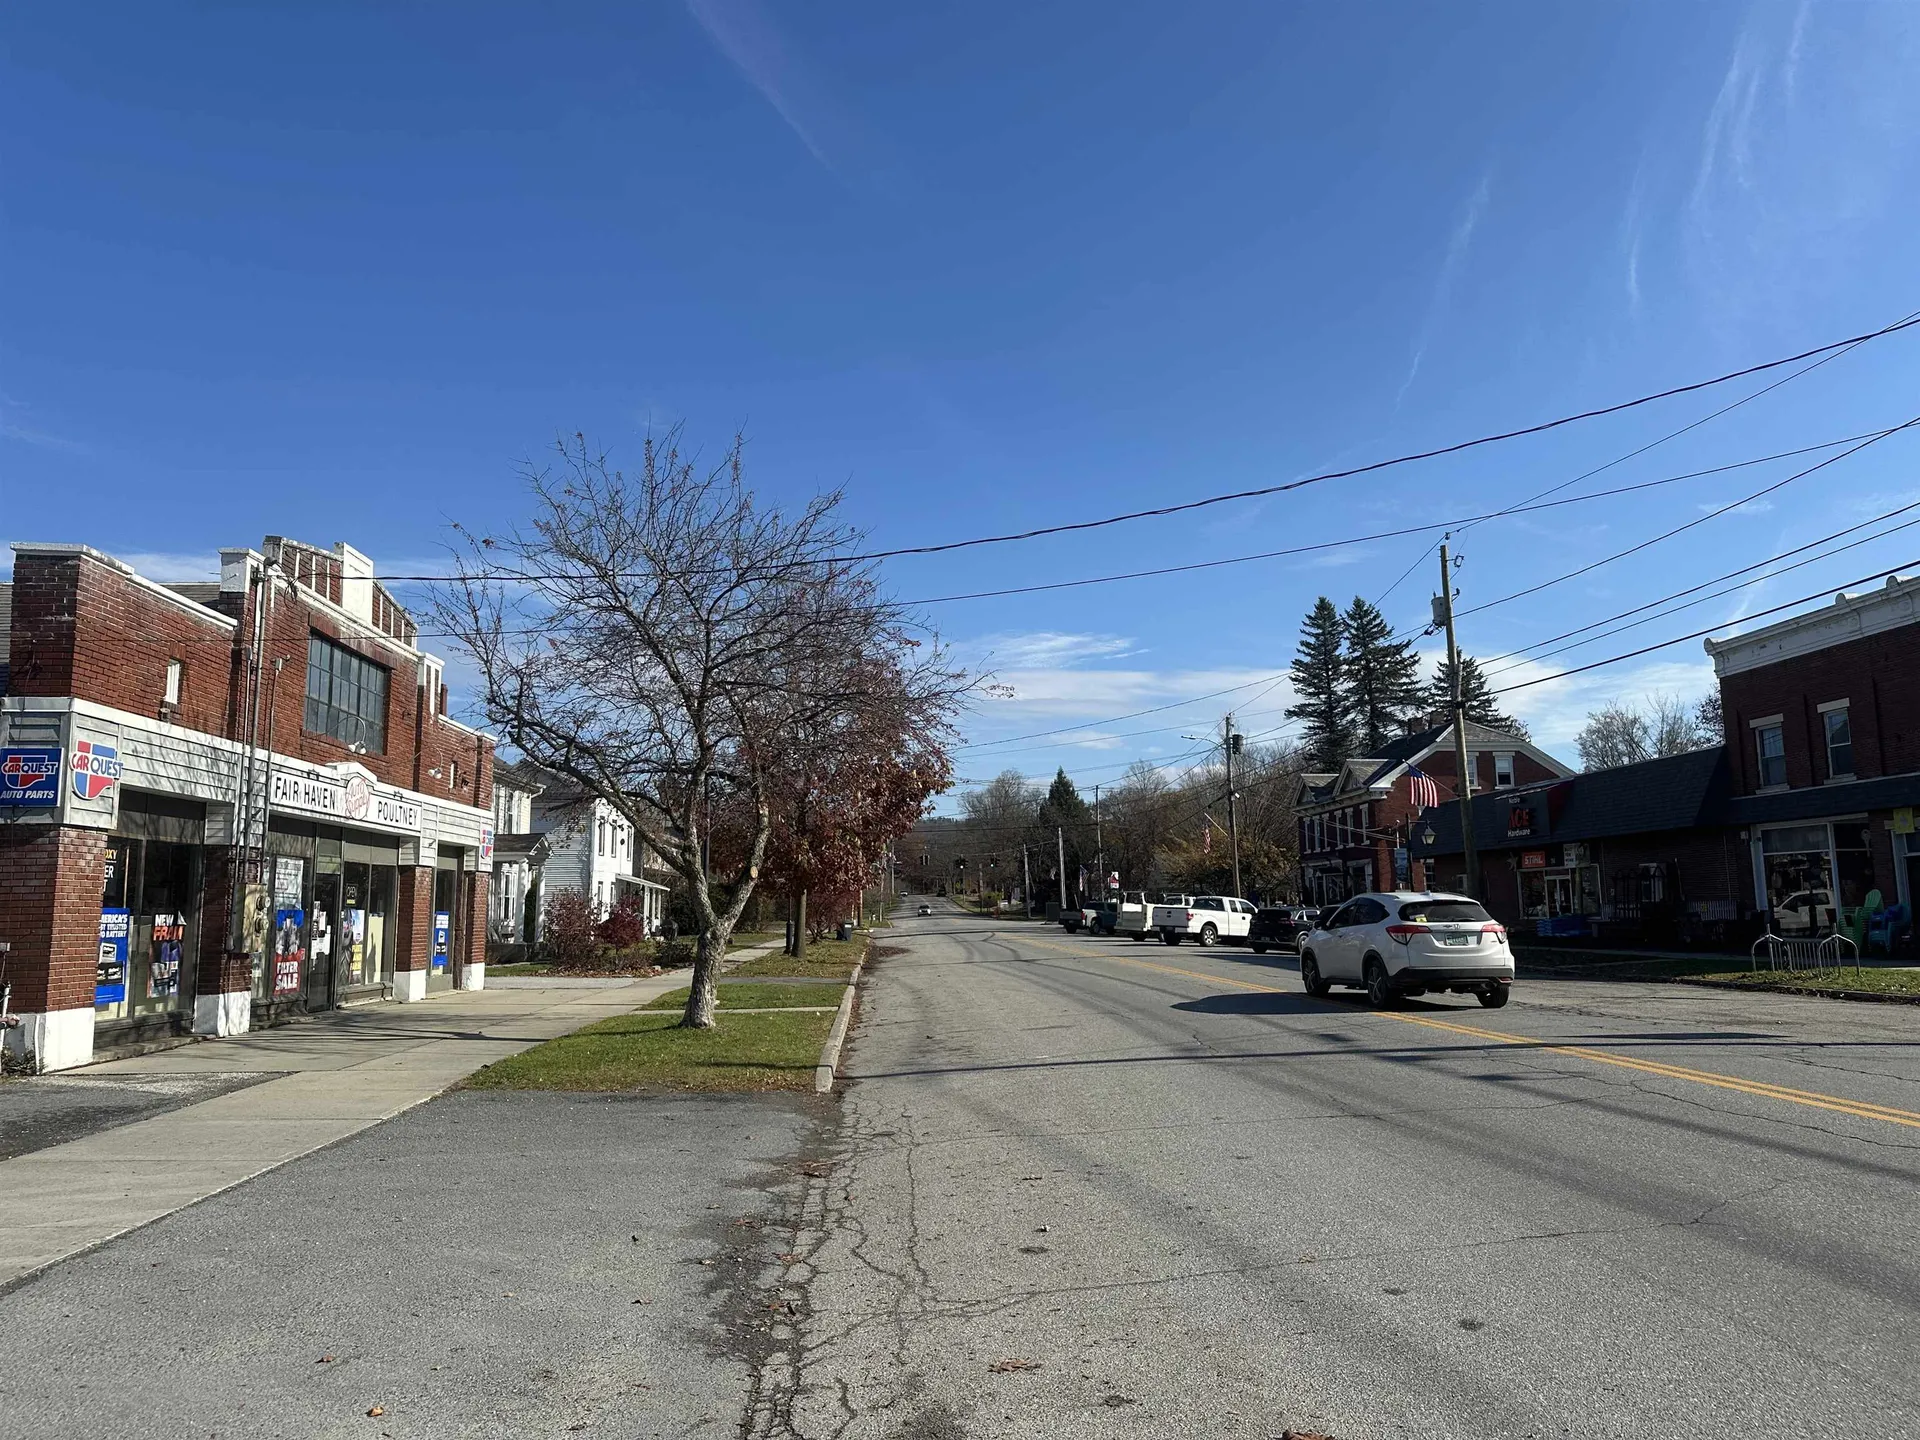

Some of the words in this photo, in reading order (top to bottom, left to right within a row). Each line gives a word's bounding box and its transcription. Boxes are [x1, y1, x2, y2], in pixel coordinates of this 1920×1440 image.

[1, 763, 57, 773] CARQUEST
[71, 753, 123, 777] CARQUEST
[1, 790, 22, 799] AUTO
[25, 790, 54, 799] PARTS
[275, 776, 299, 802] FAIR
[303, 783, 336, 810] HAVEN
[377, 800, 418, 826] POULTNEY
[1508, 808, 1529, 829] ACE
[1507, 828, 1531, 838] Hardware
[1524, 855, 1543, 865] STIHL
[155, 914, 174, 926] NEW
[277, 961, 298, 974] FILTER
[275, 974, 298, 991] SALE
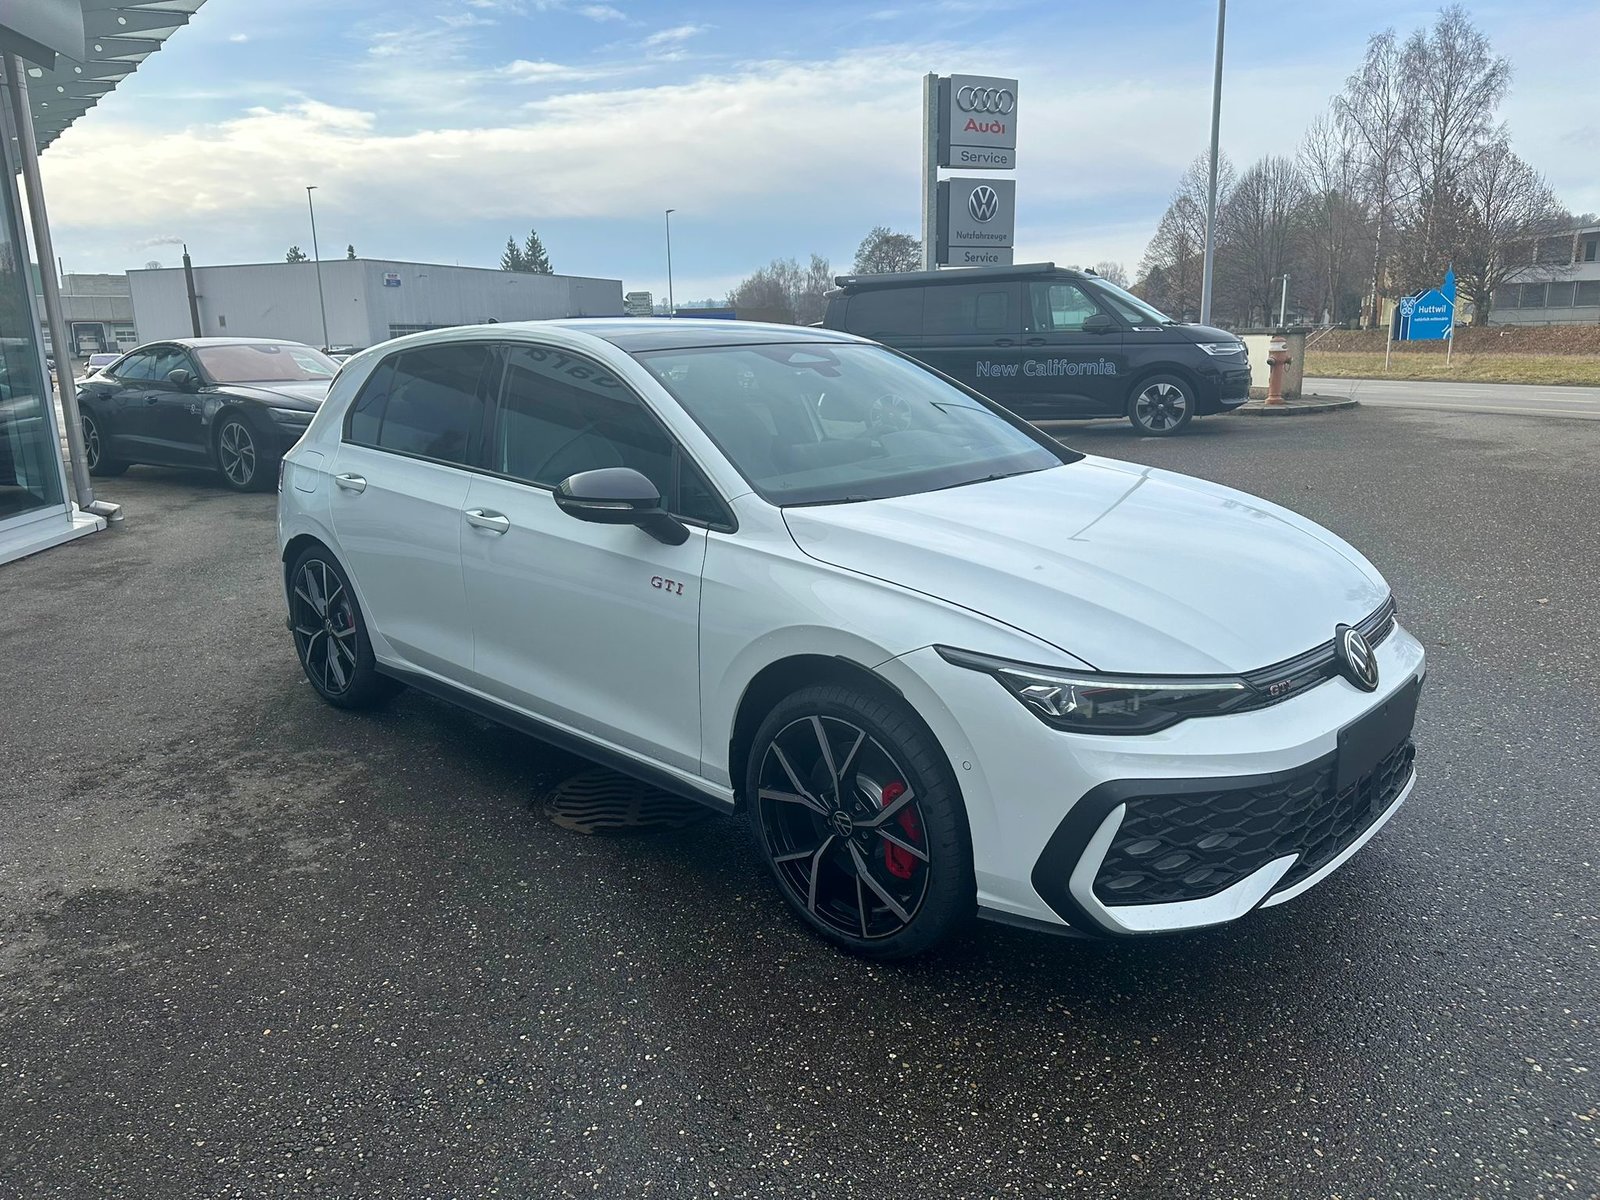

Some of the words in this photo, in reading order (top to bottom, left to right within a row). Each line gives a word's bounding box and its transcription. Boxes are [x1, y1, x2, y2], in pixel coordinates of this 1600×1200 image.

ASSIGNMENT. Above are the records; return them exactly, minus the pictures.

ANSWER BOX.
Some of the words in this photo, in reading order (top to bottom, left to right within a row). Each line gives a word's bounding box and its transcription. Boxes are [x1, y1, x2, y2], in pixel coordinates of this 1920×1440 image.

[1, 763, 57, 773] CARQUEST
[71, 753, 123, 777] CARQUEST
[1, 790, 22, 799] AUTO
[25, 790, 54, 799] PARTS
[275, 776, 299, 802] FAIR
[303, 783, 336, 810] HAVEN
[377, 800, 418, 826] POULTNEY
[1508, 808, 1529, 829] ACE
[1507, 828, 1531, 838] Hardware
[1524, 855, 1543, 865] STIHL
[155, 914, 174, 926] NEW
[277, 961, 298, 974] FILTER
[275, 974, 298, 991] SALE

Some of the words in this photo, in reading order (top to bottom, left to right within a row). Each line gives a word's bounding box and its transcription. Boxes are [x1, y1, x2, y2], in pixel coordinates of this 1600×1200 image.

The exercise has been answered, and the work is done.